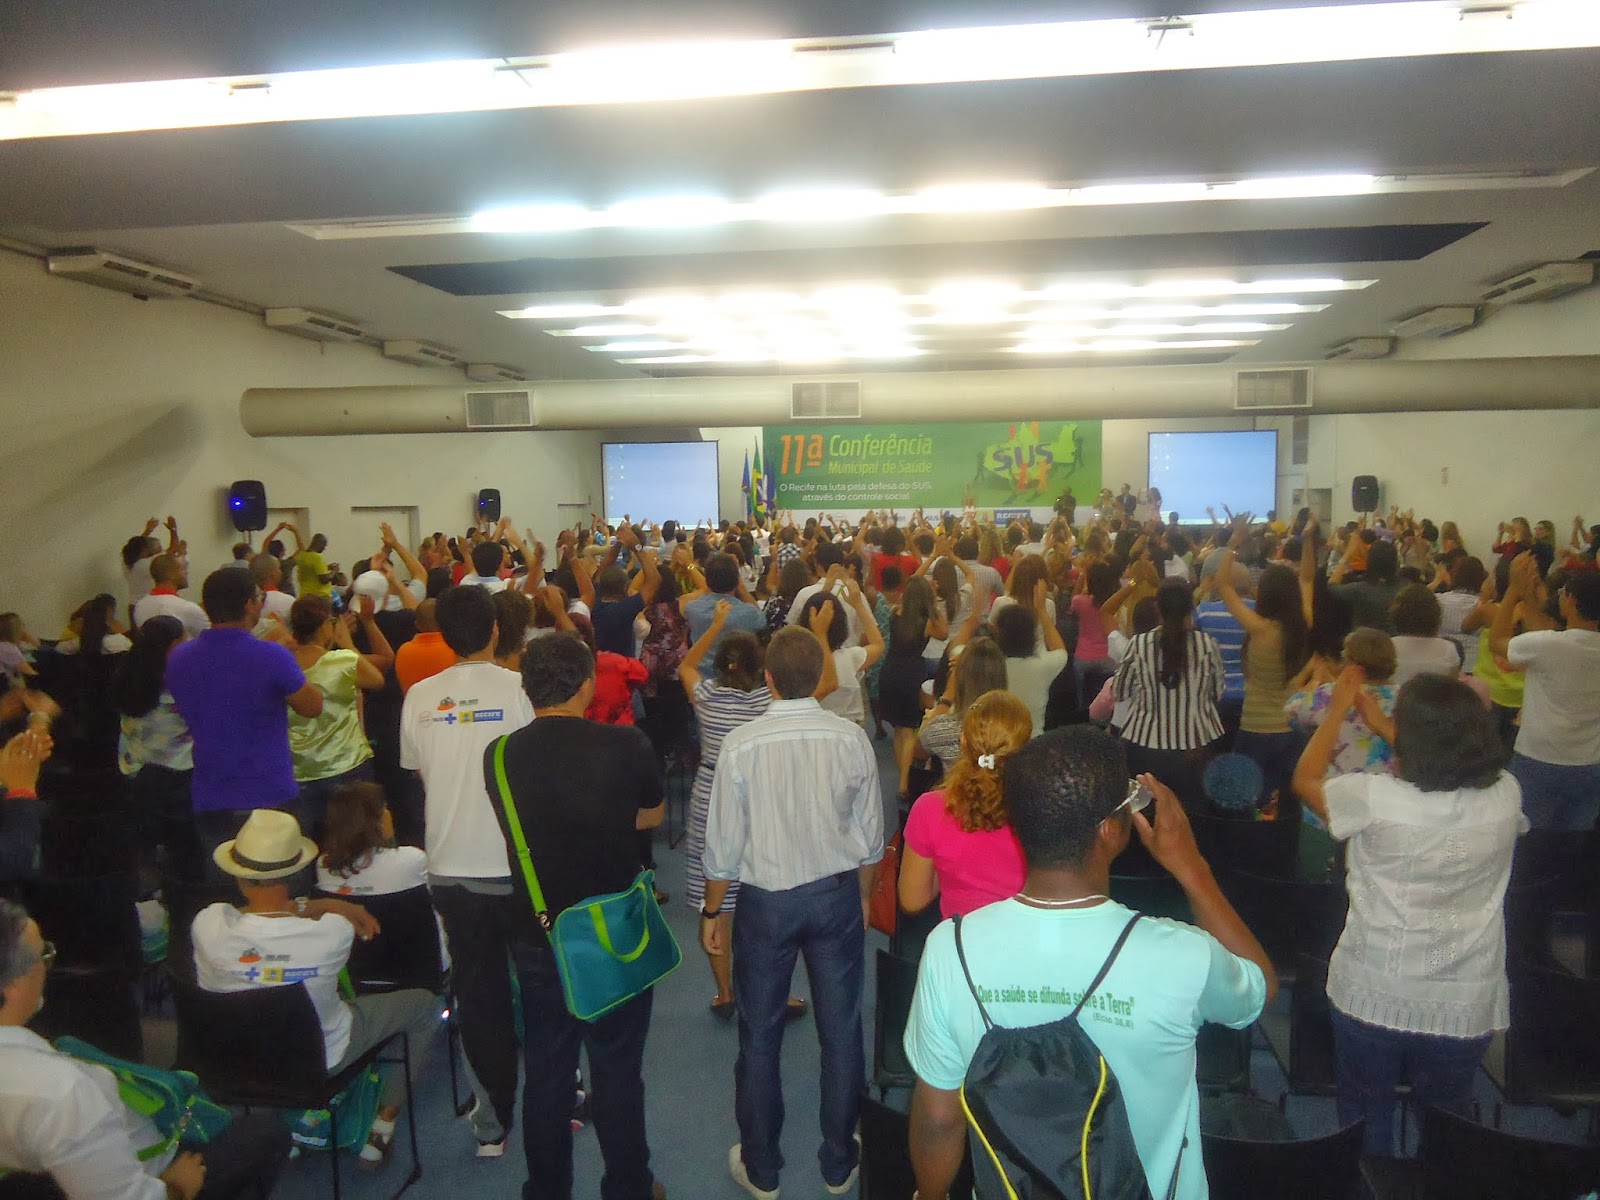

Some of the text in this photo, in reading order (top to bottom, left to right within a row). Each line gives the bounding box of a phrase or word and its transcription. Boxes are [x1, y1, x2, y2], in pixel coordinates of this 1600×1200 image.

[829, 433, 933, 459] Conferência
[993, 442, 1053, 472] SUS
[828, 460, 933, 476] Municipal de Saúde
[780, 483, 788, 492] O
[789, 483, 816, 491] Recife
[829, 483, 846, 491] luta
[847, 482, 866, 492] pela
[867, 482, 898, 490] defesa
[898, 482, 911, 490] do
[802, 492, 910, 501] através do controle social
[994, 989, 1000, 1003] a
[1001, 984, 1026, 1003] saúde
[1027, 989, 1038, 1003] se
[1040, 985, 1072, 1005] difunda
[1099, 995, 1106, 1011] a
:::
▸ Exercise description:
Each line of the data must be restated exactly, and the pictures must be left out.

▸ Solution to this task:
Some of the text in this photo, in reading order (top to bottom, left to right within a row). Each line gives the bounding box of a phrase or word and its transcription. Boxes are [x1, y1, x2, y2], in pixel coordinates of this 1600×1200 image.

[829, 433, 933, 459] Conferência
[993, 442, 1053, 472] SUS
[828, 460, 933, 476] Municipal de Saúde
[780, 483, 788, 492] O
[789, 483, 816, 491] Recife
[829, 483, 846, 491] luta
[847, 482, 866, 492] pela
[867, 482, 898, 490] defesa
[898, 482, 911, 490] do
[802, 492, 910, 501] através do controle social
[994, 989, 1000, 1003] a
[1001, 984, 1026, 1003] saúde
[1027, 989, 1038, 1003] se
[1040, 985, 1072, 1005] difunda
[1099, 995, 1106, 1011] a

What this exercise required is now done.